'''

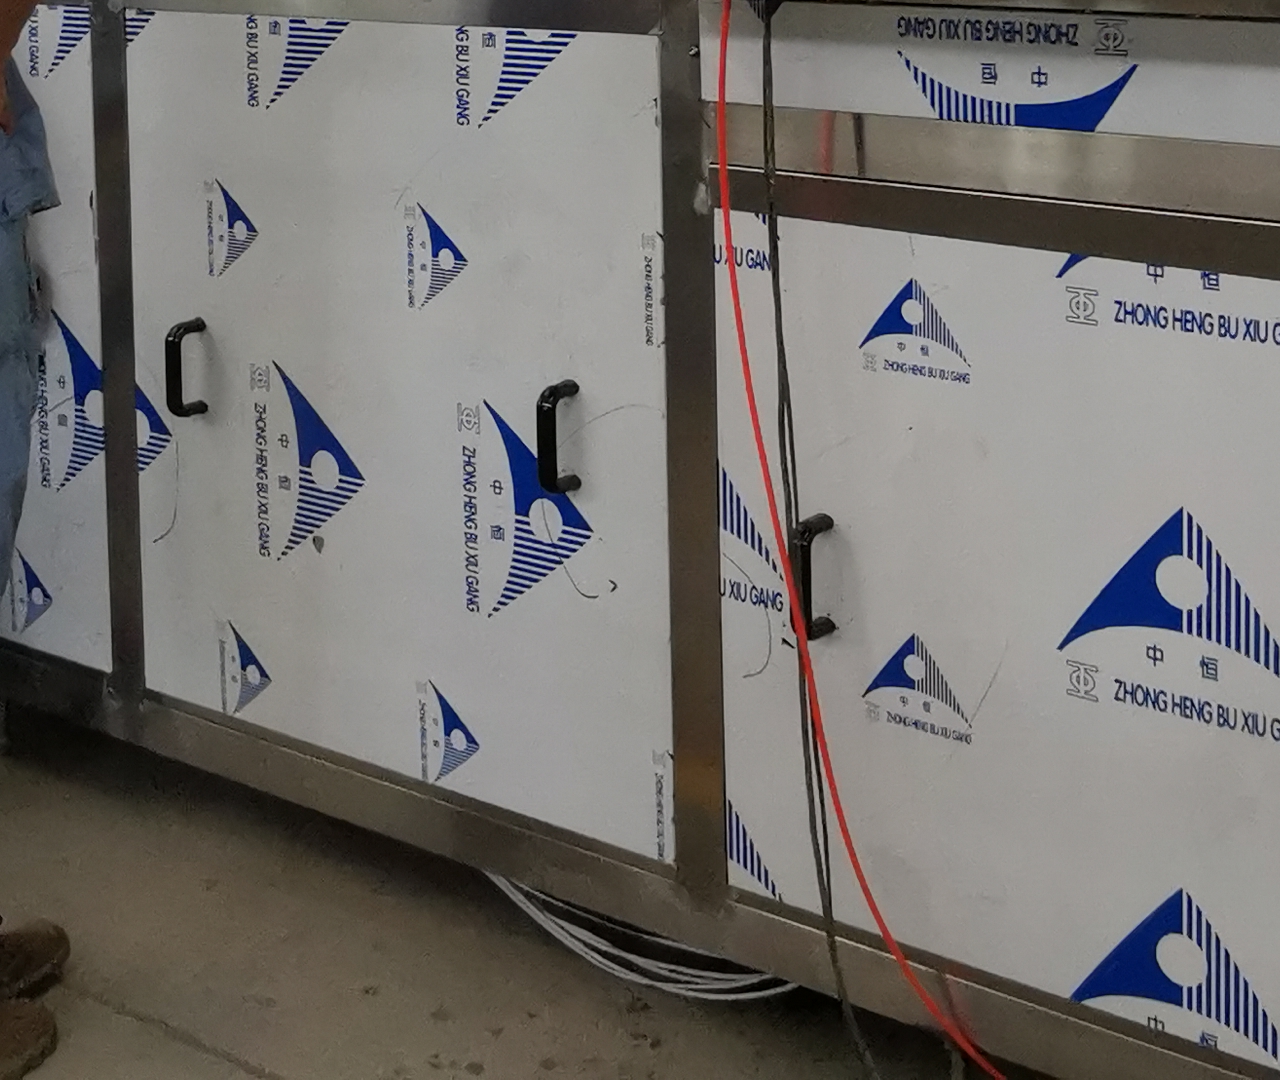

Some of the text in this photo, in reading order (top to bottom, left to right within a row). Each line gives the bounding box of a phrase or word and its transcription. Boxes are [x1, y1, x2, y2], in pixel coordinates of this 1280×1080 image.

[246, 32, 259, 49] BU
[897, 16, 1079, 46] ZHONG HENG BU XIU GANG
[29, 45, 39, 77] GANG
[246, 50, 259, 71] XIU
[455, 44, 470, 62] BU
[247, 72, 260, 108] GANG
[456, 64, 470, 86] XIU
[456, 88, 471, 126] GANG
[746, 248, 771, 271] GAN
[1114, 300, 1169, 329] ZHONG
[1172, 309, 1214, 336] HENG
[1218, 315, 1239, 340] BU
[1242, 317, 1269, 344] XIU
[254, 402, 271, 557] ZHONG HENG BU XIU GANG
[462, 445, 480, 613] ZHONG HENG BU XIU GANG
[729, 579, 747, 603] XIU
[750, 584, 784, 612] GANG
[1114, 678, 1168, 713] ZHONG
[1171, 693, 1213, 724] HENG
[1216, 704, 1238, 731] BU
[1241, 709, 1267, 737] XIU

'''

• _GOAL OF THE EXERCISE_
Please write out all the data again word for word, but not the pictures.

• _ANSWER FOR THIS EXERCISE_
Some of the text in this photo, in reading order (top to bottom, left to right within a row). Each line gives the bounding box of a phrase or word and its transcription. Boxes are [x1, y1, x2, y2], in pixel coordinates of this 1280×1080 image.

[246, 32, 259, 49] BU
[897, 16, 1079, 46] ZHONG HENG BU XIU GANG
[29, 45, 39, 77] GANG
[246, 50, 259, 71] XIU
[455, 44, 470, 62] BU
[247, 72, 260, 108] GANG
[456, 64, 470, 86] XIU
[456, 88, 471, 126] GANG
[746, 248, 771, 271] GAN
[1114, 300, 1169, 329] ZHONG
[1172, 309, 1214, 336] HENG
[1218, 315, 1239, 340] BU
[1242, 317, 1269, 344] XIU
[254, 402, 271, 557] ZHONG HENG BU XIU GANG
[462, 445, 480, 613] ZHONG HENG BU XIU GANG
[729, 579, 747, 603] XIU
[750, 584, 784, 612] GANG
[1114, 678, 1168, 713] ZHONG
[1171, 693, 1213, 724] HENG
[1216, 704, 1238, 731] BU
[1241, 709, 1267, 737] XIU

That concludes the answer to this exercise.